If one of those bottles should happen to fall . . .

10 February 2014

Remo Went Rogue

Plot summary:

Remo is a big-shot lawyer.
Remo is an asshole.
Remo has evil scumbags for clients.
Remo fucks over said scumbags.
Scumbags go looking for said asshole.
Chaos ensues.

Mike McCrary writes with a brisk, jabbing style reminiscent of Ken Bruen, and combines it with a visually-rich descriptive power that makes Remo Went Rogue a hell of a read. My lovely bride and I like to read books out loud to each other, swapping chapters. You find out pretty quickly which writers are suited to the spoken word. Crime fiction, in general, works wonderfully. (I hate to label anything. "Crime" fiction is just another box to to put a writer in--I'd rather just have a "good" box and a "bad" box. Or perhaps "more of this" and "less of that" boxes.) Mr. McCrary sounds great out loud and he sets a blistering pace that keeps you turning the pages. Remo Cobb is a particularly repulsive character, but the degenerate Mashburn Brothers that are his antagonists are even more heinous, and so you find yourself rooting for him despite his panoply of character flaws. A wildcard--one of the Mashburn gang that changes sides, sort of--is also part of the mix and plays a key role in the explosive showdown near the end of the story. Said showdown is written with a clinical precision that makes you feel like you are right in the middle of the hail of lead and spray of blood. Without giving away too much, Remo gets his chance at redemption, like any good noir anti-hero ought to, and the book has a satisfying sense of closure. McCrary doesn't tie up all the loose ends, though, and you are left with a tantalizing bit of unfinished business. Sequel, anyone?

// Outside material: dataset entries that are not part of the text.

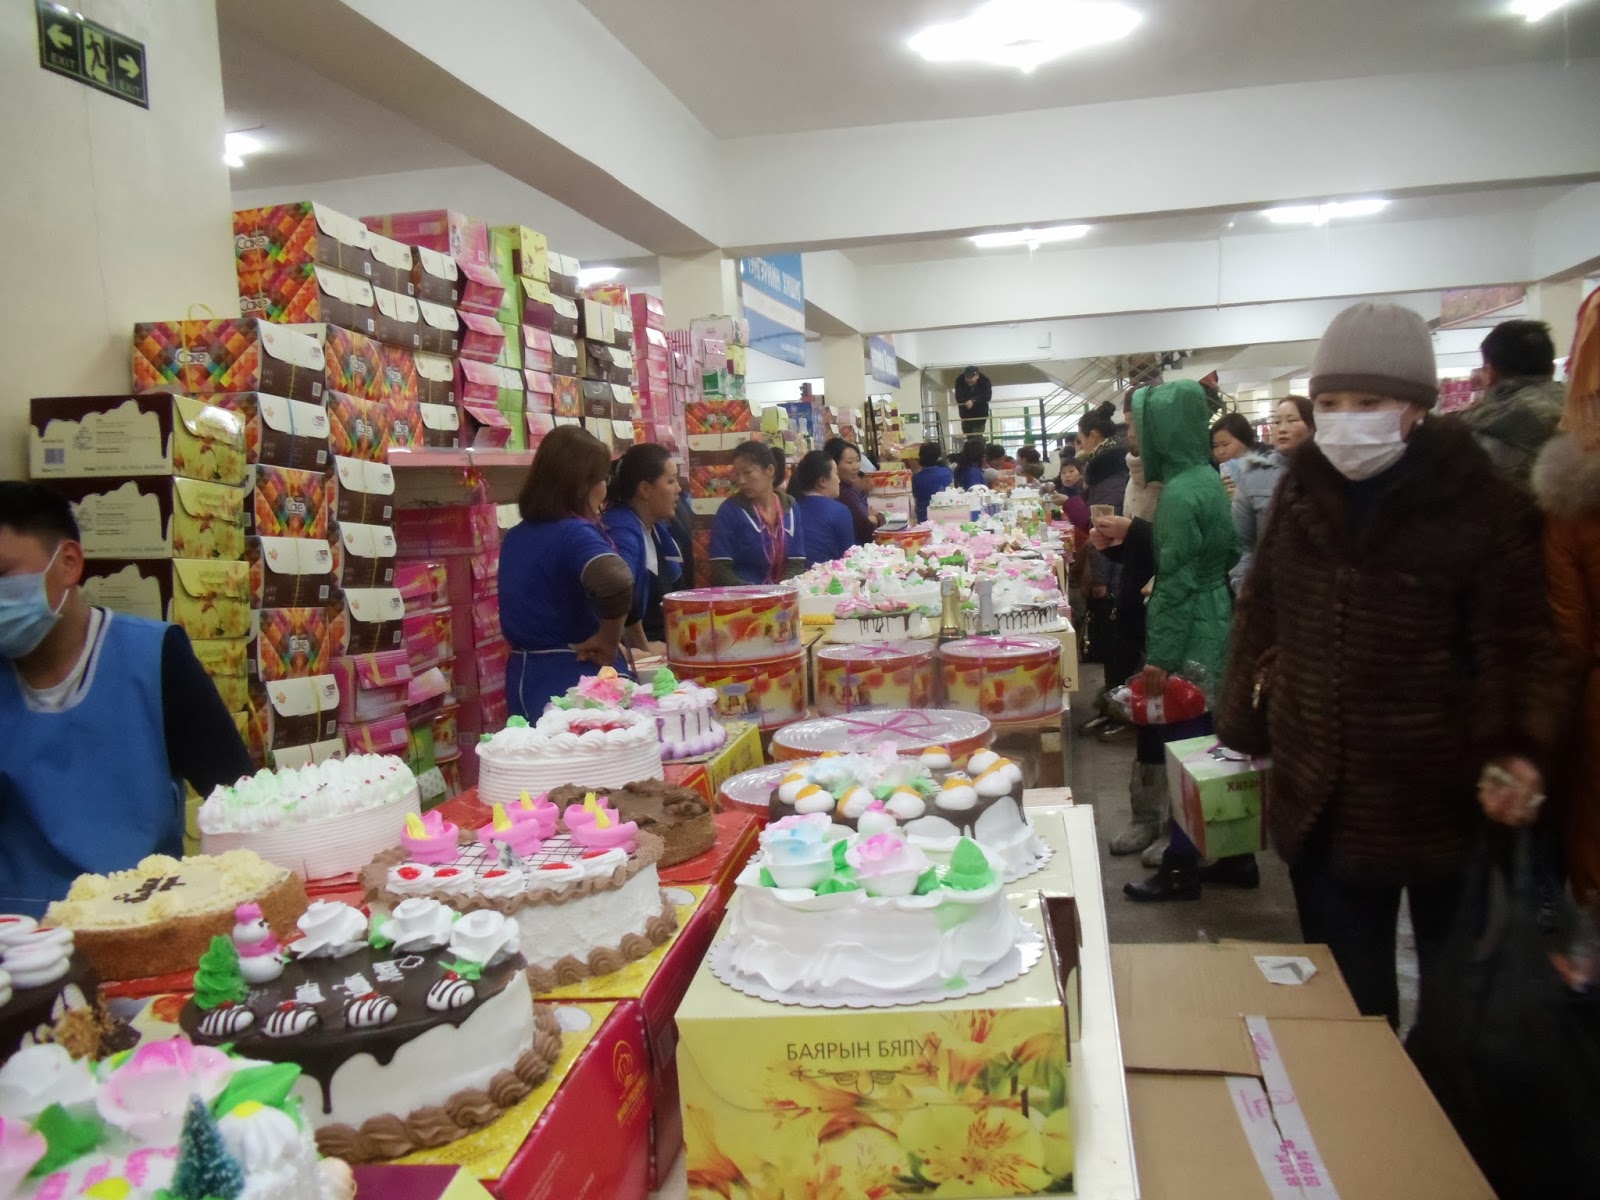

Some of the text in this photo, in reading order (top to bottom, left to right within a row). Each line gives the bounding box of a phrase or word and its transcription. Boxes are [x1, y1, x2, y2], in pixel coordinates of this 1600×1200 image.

[51, 52, 75, 70] EXIT
[119, 79, 140, 96] EXIT
[236, 237, 265, 250] Cake
[177, 349, 206, 364] Cake
[787, 1040, 871, 1061] БАЯРЫН

Remo Went Rogue is a new title in the ever-increasing catalog at my favorite publisher, Gutter Books. This one is labeled as an Out of the Gutter release, a new imprint under the GB banner. Everyone talks about the decline of the independent business, and the ever-increasing hegemony of the corporate machine, but nobody does anything about it. Am I right? You want to do something about the hard-working little guys? You want to fight the big guys? Then support independent publishers and authors! I know a great place to start: Gutter Books.